The reason why a jury trial made sense to the Colston defendants goes back to the age old tradition of juries being allowed to come to openly un-legal verdicts in the service of a higher justice. An op-ed in The Observer(09/01/22) celebrates the independence of UK juries and the principle that “there is no such thing as an incorrect jury acquittal: juries have an absolute right to acquit a defendant in a criminal trial regardless of the legal arguments advanced in a case.” The article mentions some of the times protestors and climate change activists have been acquitted by juries who were in sympathy with their beliefs and the urgency of their cause. I remember the historian Alan Brooke telling me how 18th century courts would deliberately undervalue the value of stolen items, so that destitute and desperate thieves could avoid the gallows.
Checks and balances, I guess. The advantage of a legal system administered by people, rather than algorithms, is the potential for compassionate flexibility.
The rest of The Observer piece defends the verdict, and the jury’s right to make it, against attacks by various members of the government. The newspaper is concerned that Boris Johnson’s administration is attempting to strengthen its hold over the judiciary arm of government. The prime-minister likes to project a bumbling, genial character, but his government seems to be eroding our democratic institutions to consolidate its position and become more autocratic. This is deeply alarming and must be resisted.

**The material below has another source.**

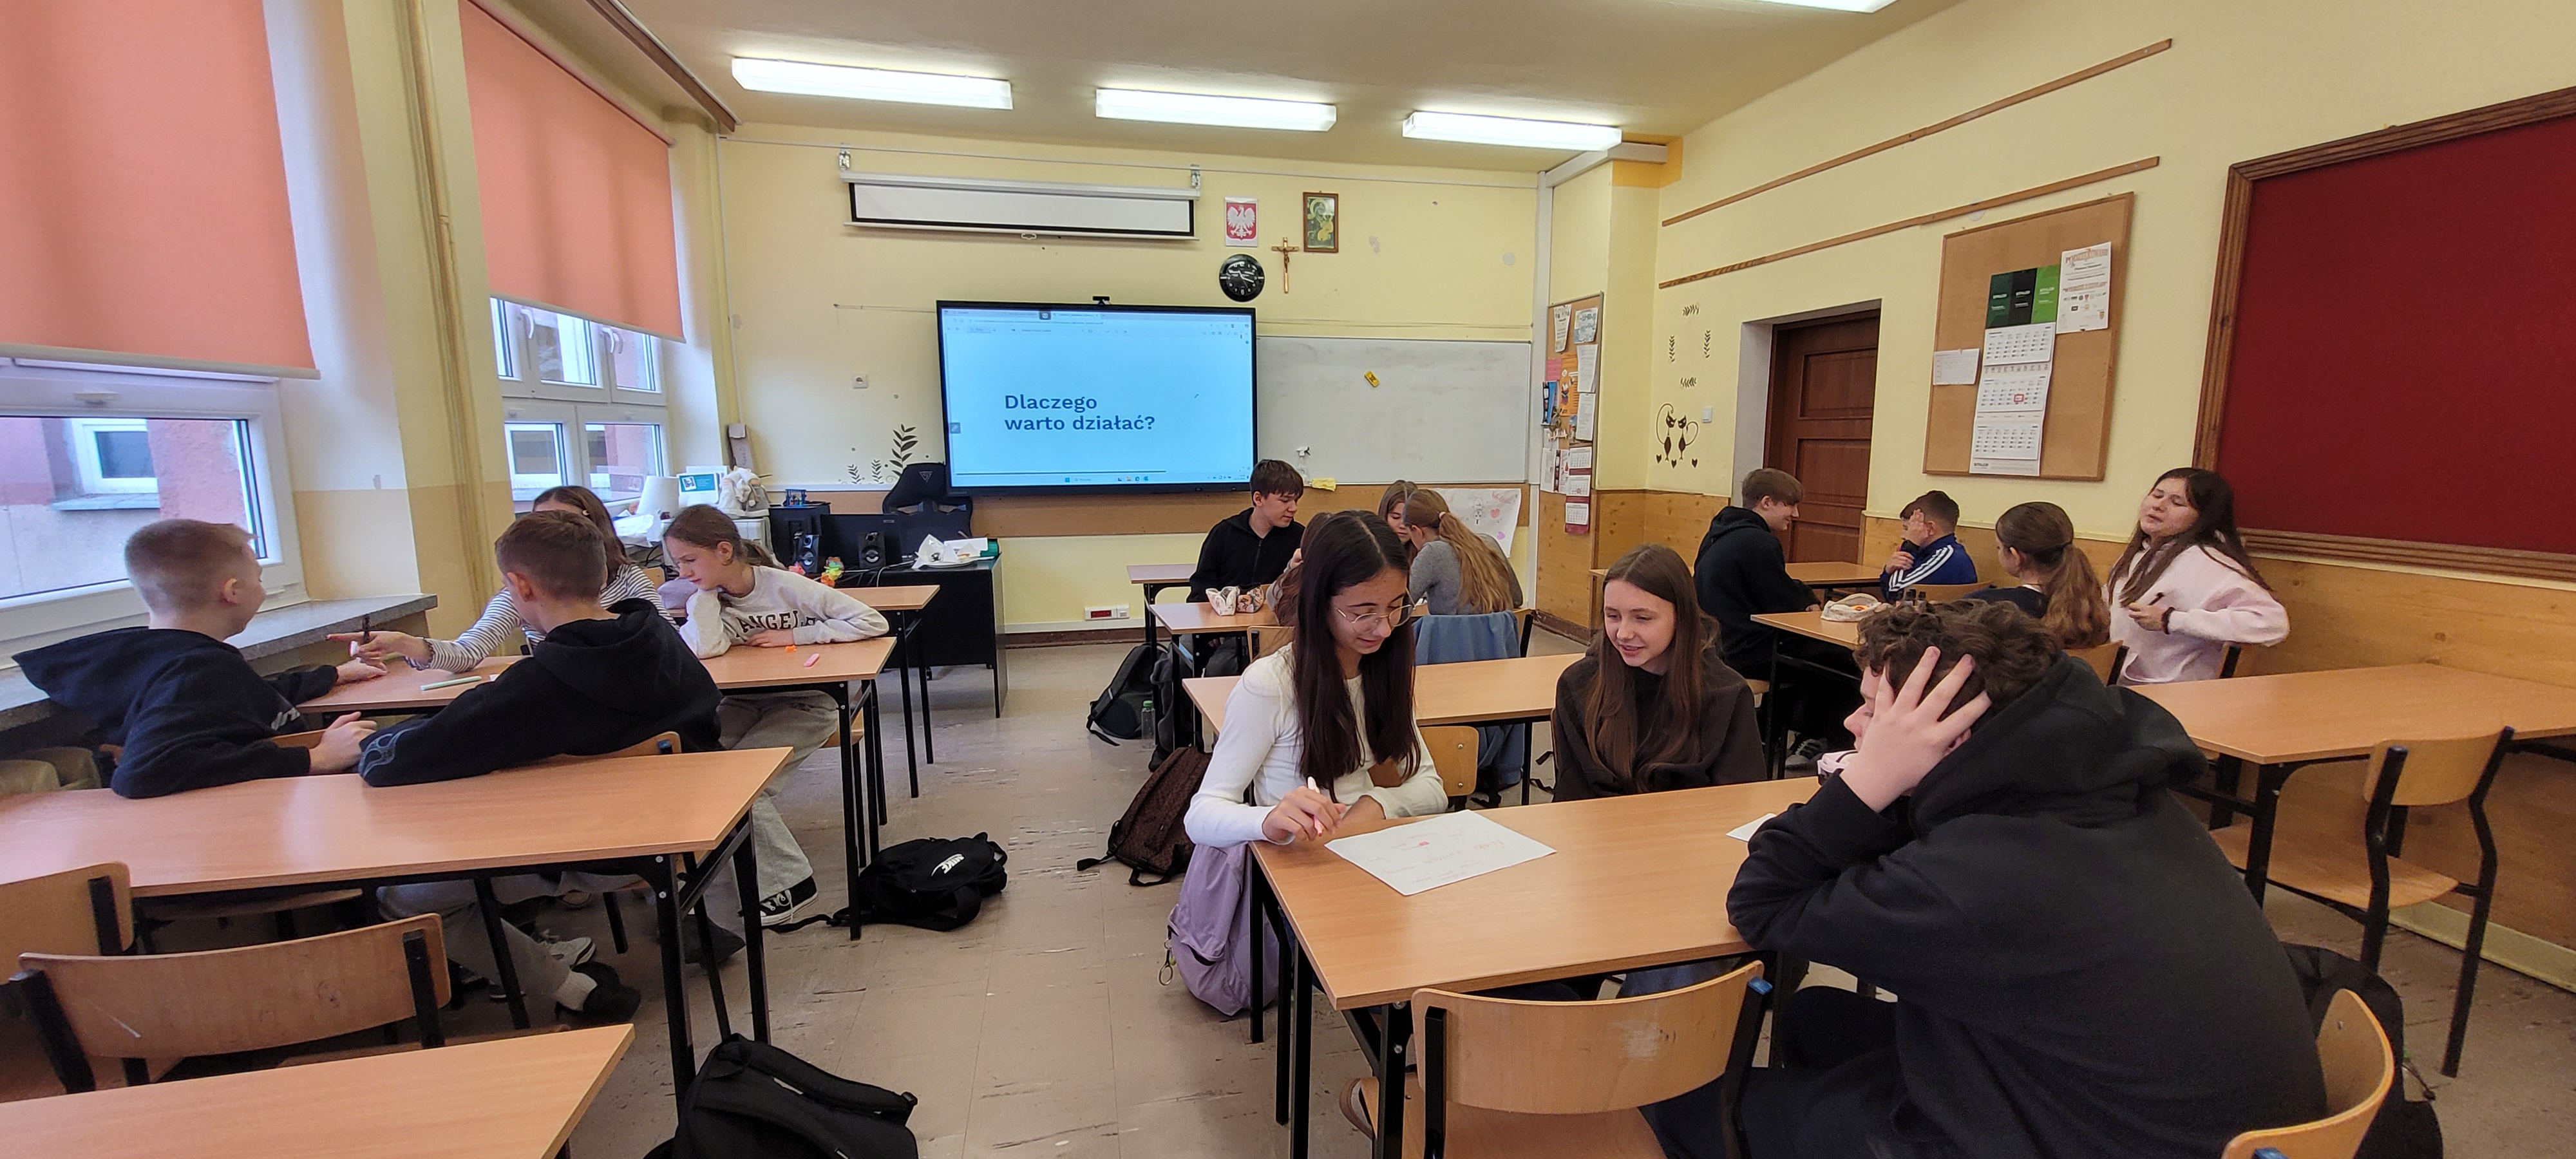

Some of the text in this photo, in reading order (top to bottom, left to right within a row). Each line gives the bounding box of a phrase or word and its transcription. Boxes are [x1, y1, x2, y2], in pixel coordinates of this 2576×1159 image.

[1004, 393, 1098, 414] Dlaczego
[1004, 414, 1156, 431] warto działać?
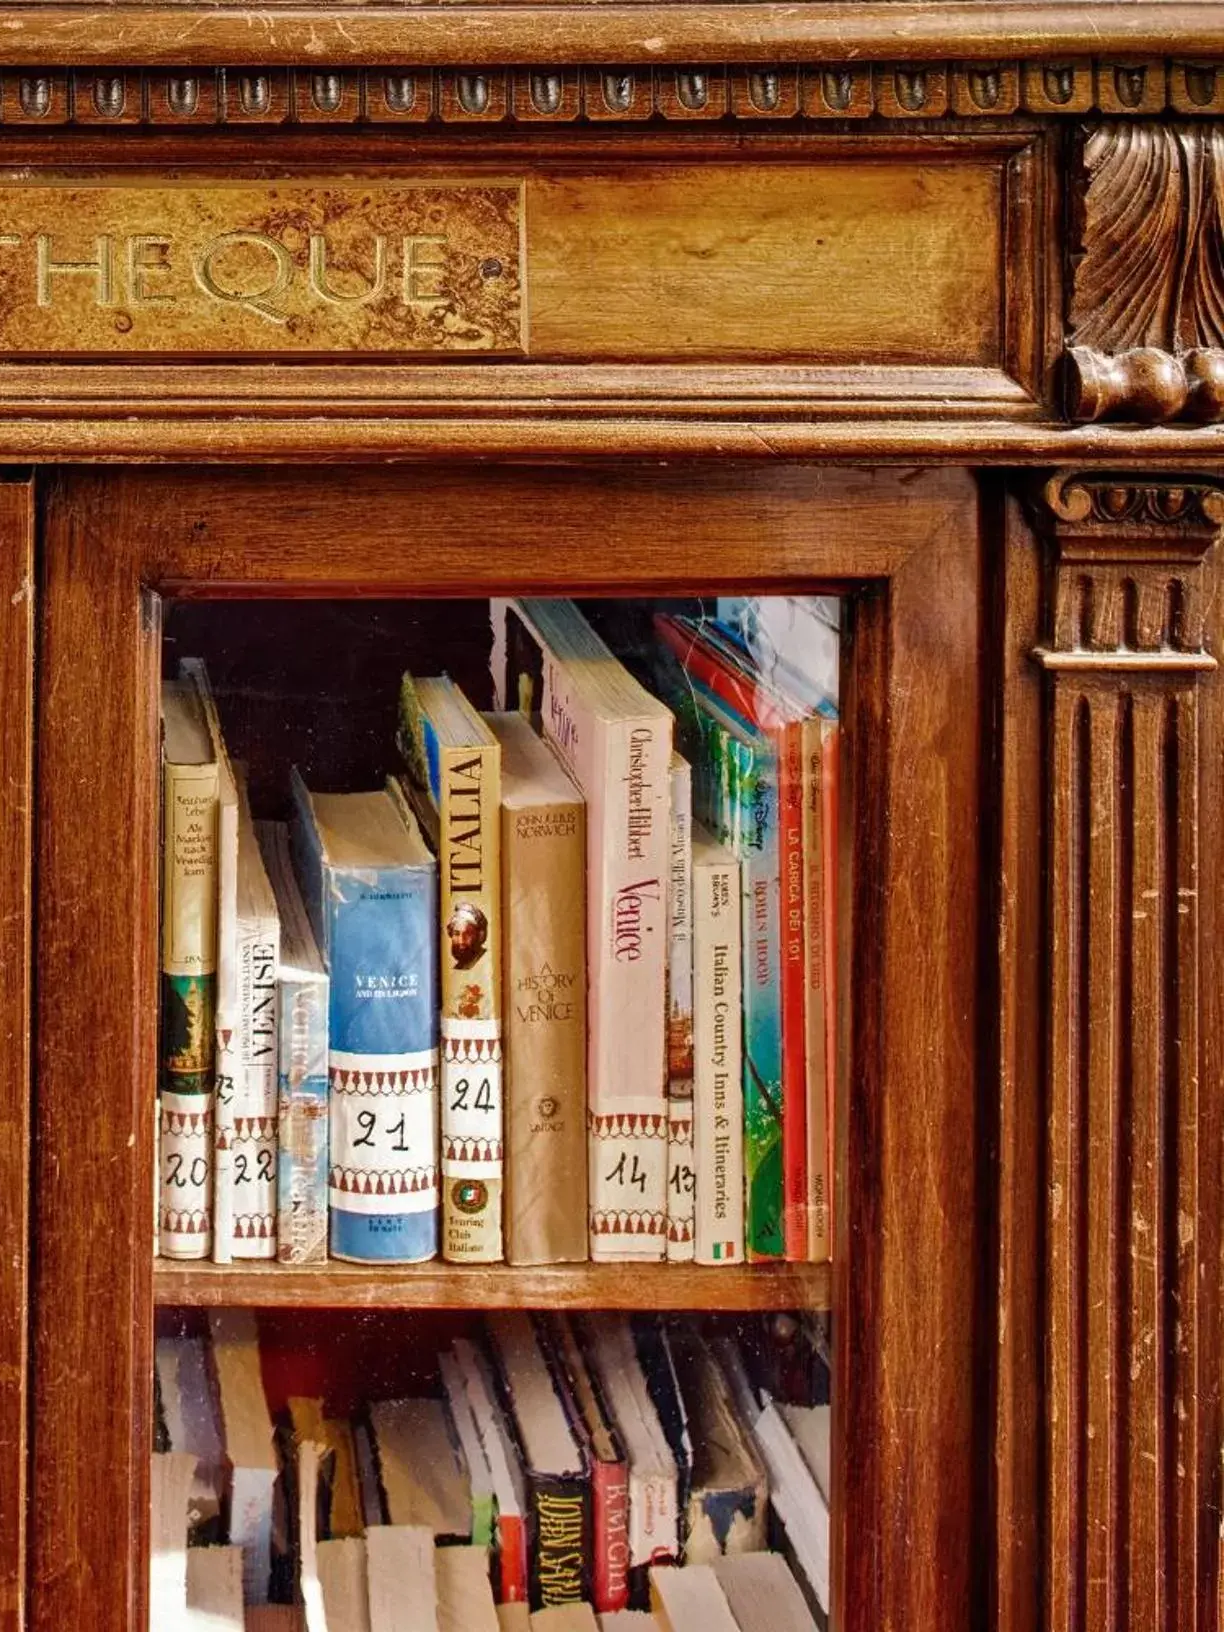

Luckily, the personal tweetings of petulant Tories have no force in law or parliament. Yet. However, it is important not to fuel their campaigns. We must be scrupulously fair and just, if we are to condemn injustice in others. It may not be the best idea, then, to defend the historic right of juries to make arbitrary decisions, an age-old vulnerability of the system, if not an outright flaw. It makes us look hypocritical.